Cheguei muito cedo, havia pouca luz; esperei clarear.
Enxergava luzes e sombras cá de dentro, mas a natureza se fechara para mim.
Deitei sobre a areia e exausta peguei no sono.
Quando amanheceu de verdade acordava ainda de um sonho trágico.
Desorientada, misturava o que pretendia ver com o que tinha encontrado.
Voltei para casa e era quase noite.
Horas que passaram em minutos.
Só eu não voltei ao trabalho e a rotina das semanas.
Às vezes o repouso e a solidão tratam. Outras vezes, não

domingo, 27 de setembro de 2009

Partida

Ah, as criancinhas pálidas que carreguei no colo.
Os pensamentos atróficos, os tensos, os inflamados que avaliei sob a lupa.
As cicatrizes genéricas de batalhas vencidas, que revelam a luta renhida que se travou ali.

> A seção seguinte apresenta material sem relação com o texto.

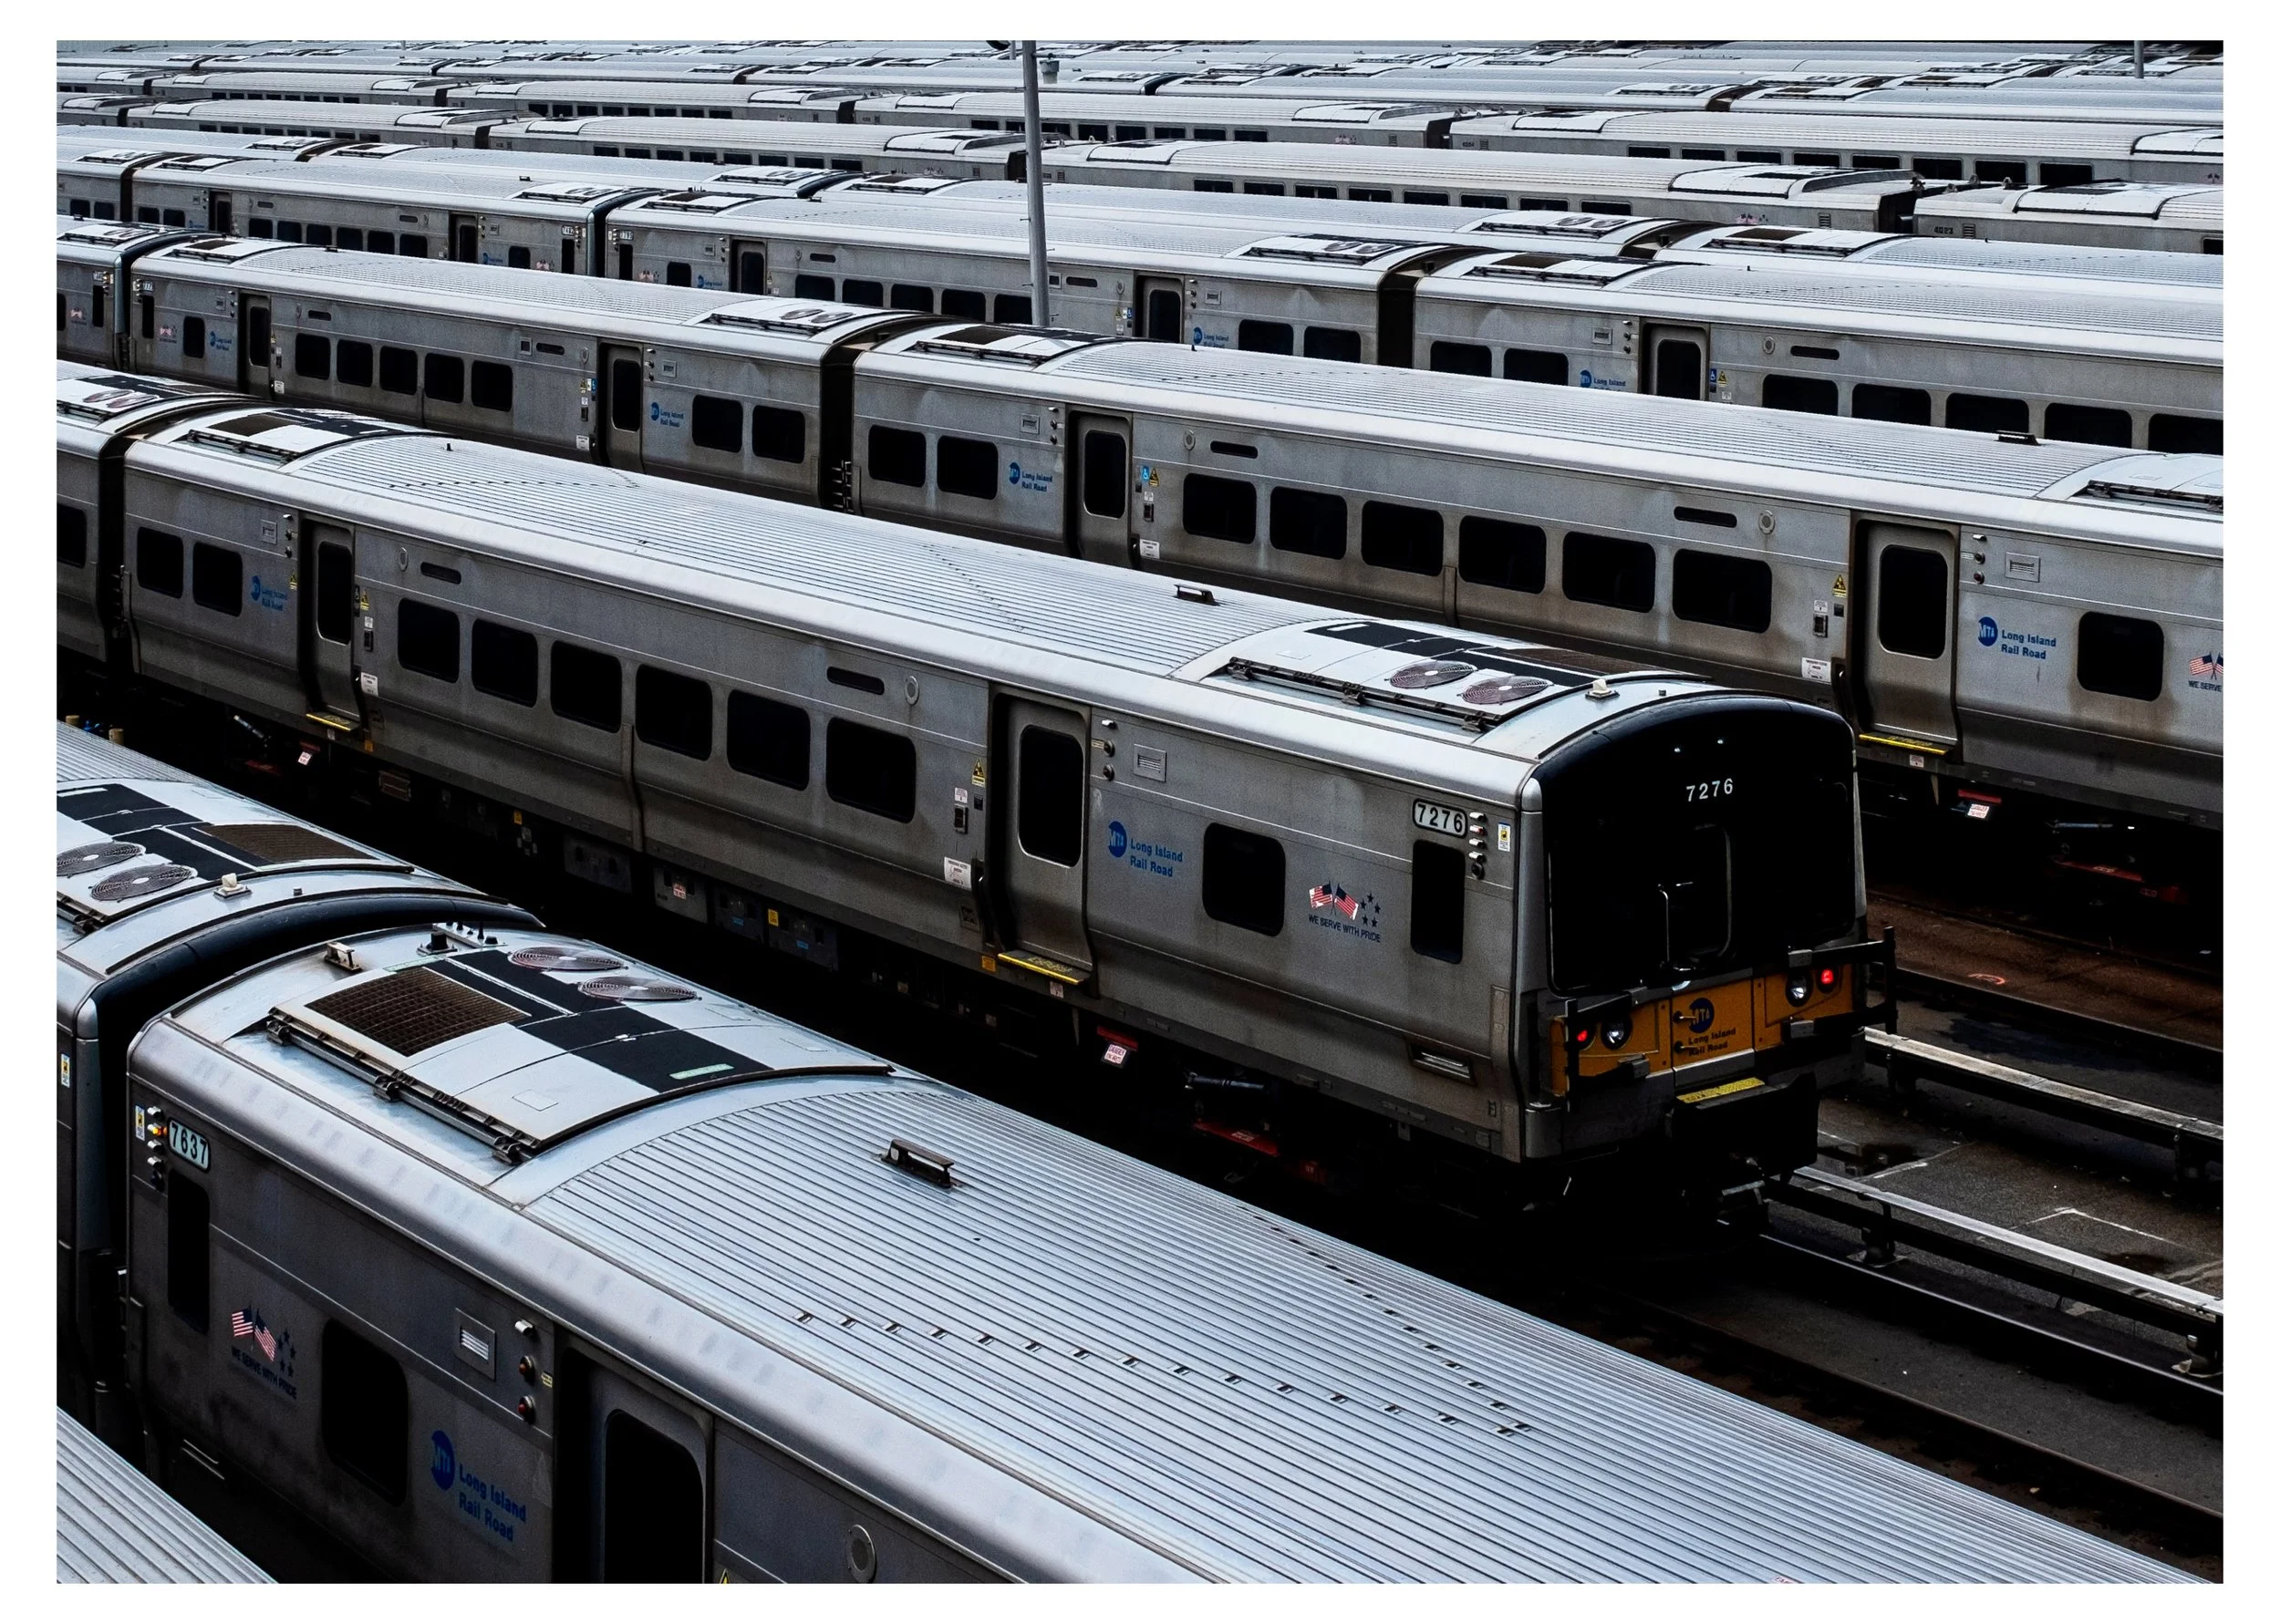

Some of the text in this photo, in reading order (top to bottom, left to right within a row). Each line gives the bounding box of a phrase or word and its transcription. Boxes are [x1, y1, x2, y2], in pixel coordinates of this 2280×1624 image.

[2001, 628, 2057, 647] Long Island
[2001, 643, 2047, 659] Rail Road
[1685, 778, 1734, 802] 7276
[1417, 802, 1463, 833] 7276
[1130, 837, 1184, 863] Long Island
[1130, 854, 1174, 877] Rail Road
[1308, 913, 1381, 943] WE SERVE WITH PRIDE
[1688, 1027, 1737, 1046] Long Island
[1707, 1040, 1729, 1053] Road
[171, 1122, 207, 1165] 7637
[232, 1345, 297, 1401] WE SERVE WITH PRIDE
[459, 1463, 526, 1523] Long Island
[459, 1491, 513, 1543] Rail Road

As pequenas interferências do dia a dia, que anotei em meu caderno e passei ao largo.
Os traumatismos e as confusões, as calcificações esporádicas que desdenhei pela falta de importância.
Os grandes corações cheios de dores e lembranças, numa síndrome definitiva de ninho vazio.

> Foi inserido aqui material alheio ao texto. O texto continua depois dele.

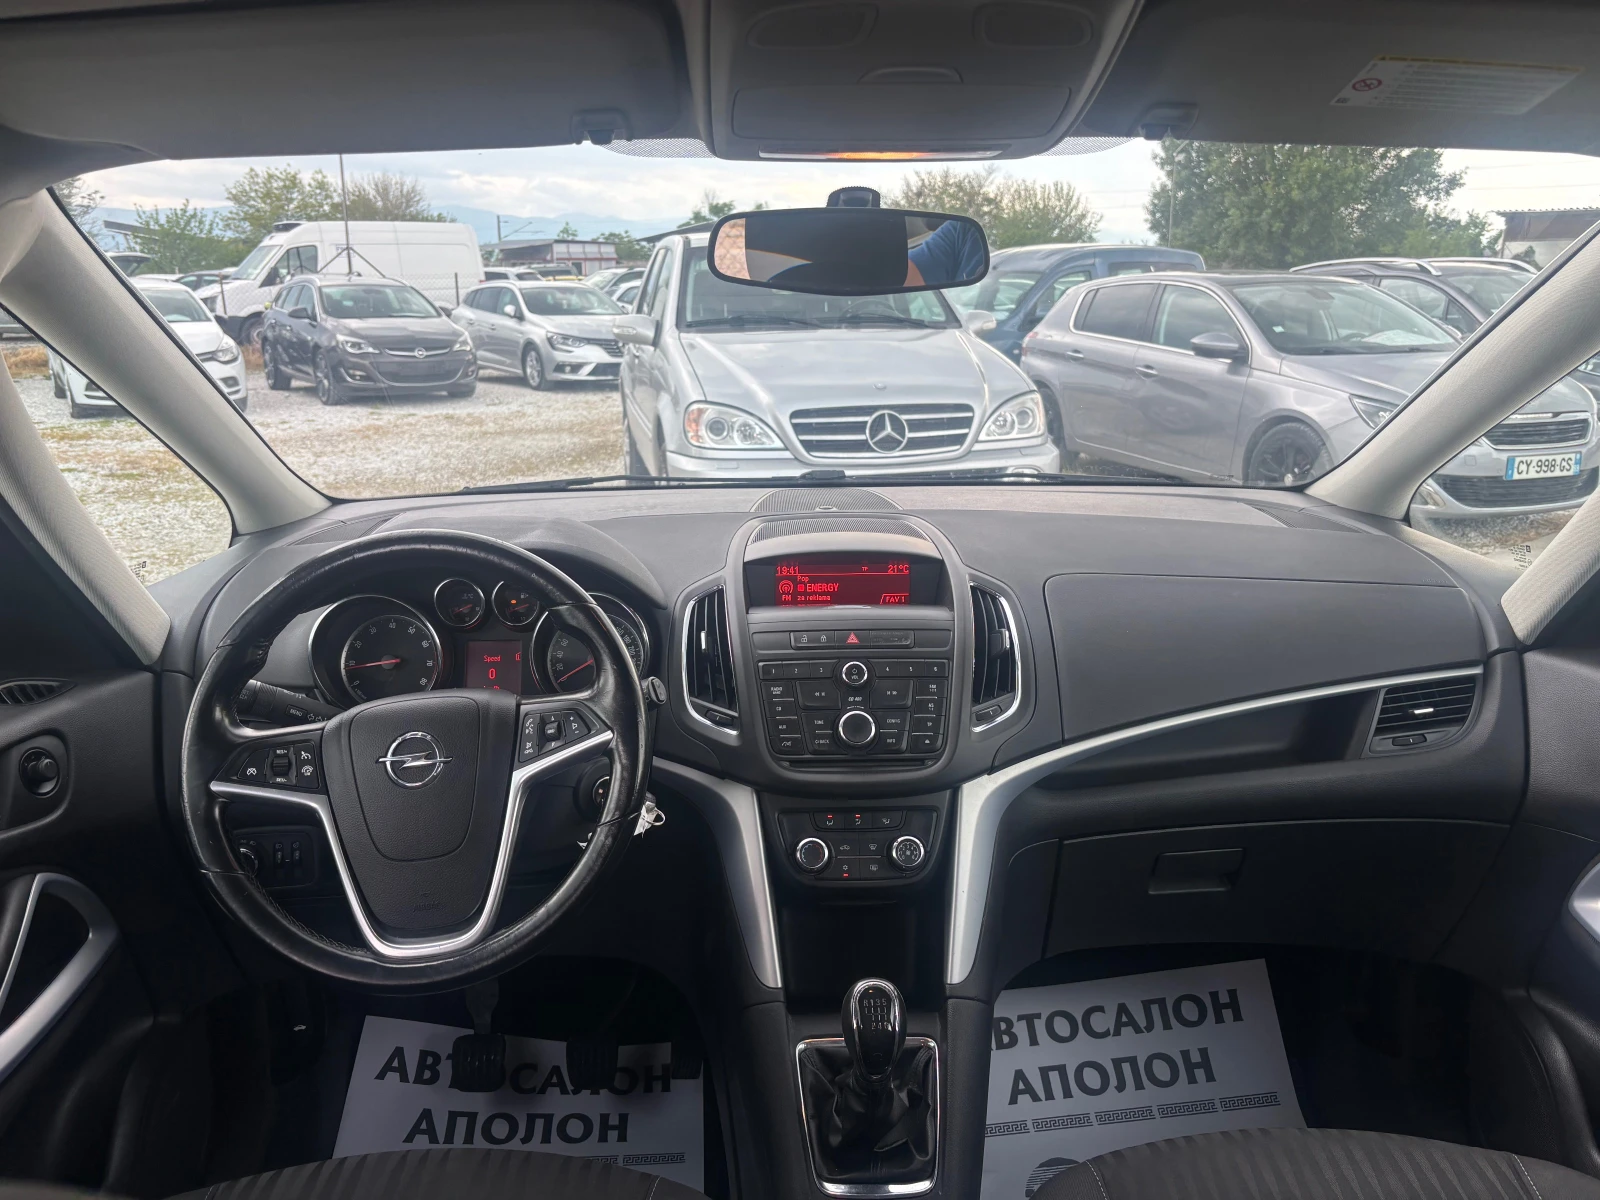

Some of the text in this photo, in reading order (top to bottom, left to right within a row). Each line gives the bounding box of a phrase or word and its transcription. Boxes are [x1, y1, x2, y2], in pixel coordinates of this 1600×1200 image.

[1517, 457, 1573, 475] CY-998-GS
[776, 565, 799, 575] 19:41
[887, 564, 910, 575] 21°C
[797, 575, 810, 583] Pop
[806, 583, 839, 592] ENERGY
[388, 621, 397, 629] 40
[407, 625, 416, 635] 50
[354, 640, 362, 649] 20
[560, 638, 569, 647] 60
[483, 654, 501, 663] Speed
[556, 650, 564, 659] 40
[556, 663, 564, 671] 20
[488, 668, 496, 679] 0
[419, 677, 428, 686] 80
[991, 988, 1244, 1051] ВТОСАЛОН
[374, 1046, 672, 1095] АВСАОН
[1008, 1047, 1217, 1105] АПОЛОН
[402, 1108, 630, 1146] АПОЛОН

Ah, a primavera. Um corpo jovem, atlético, negro que repousa agora sobre miríades luminosas do campo visual profanado, hemorragia cerebral.
A ingenuidade de um corpo jovem, grávido, sólido, que reluta em adormecer antes de acordar.
A insensatez da desnutrição do menino pardo e louro.
Um grito rouco e metálico de faca no metal, que não avisa sua indiferença diante do trágico.
O folhetim que se joga fora depois da página virada.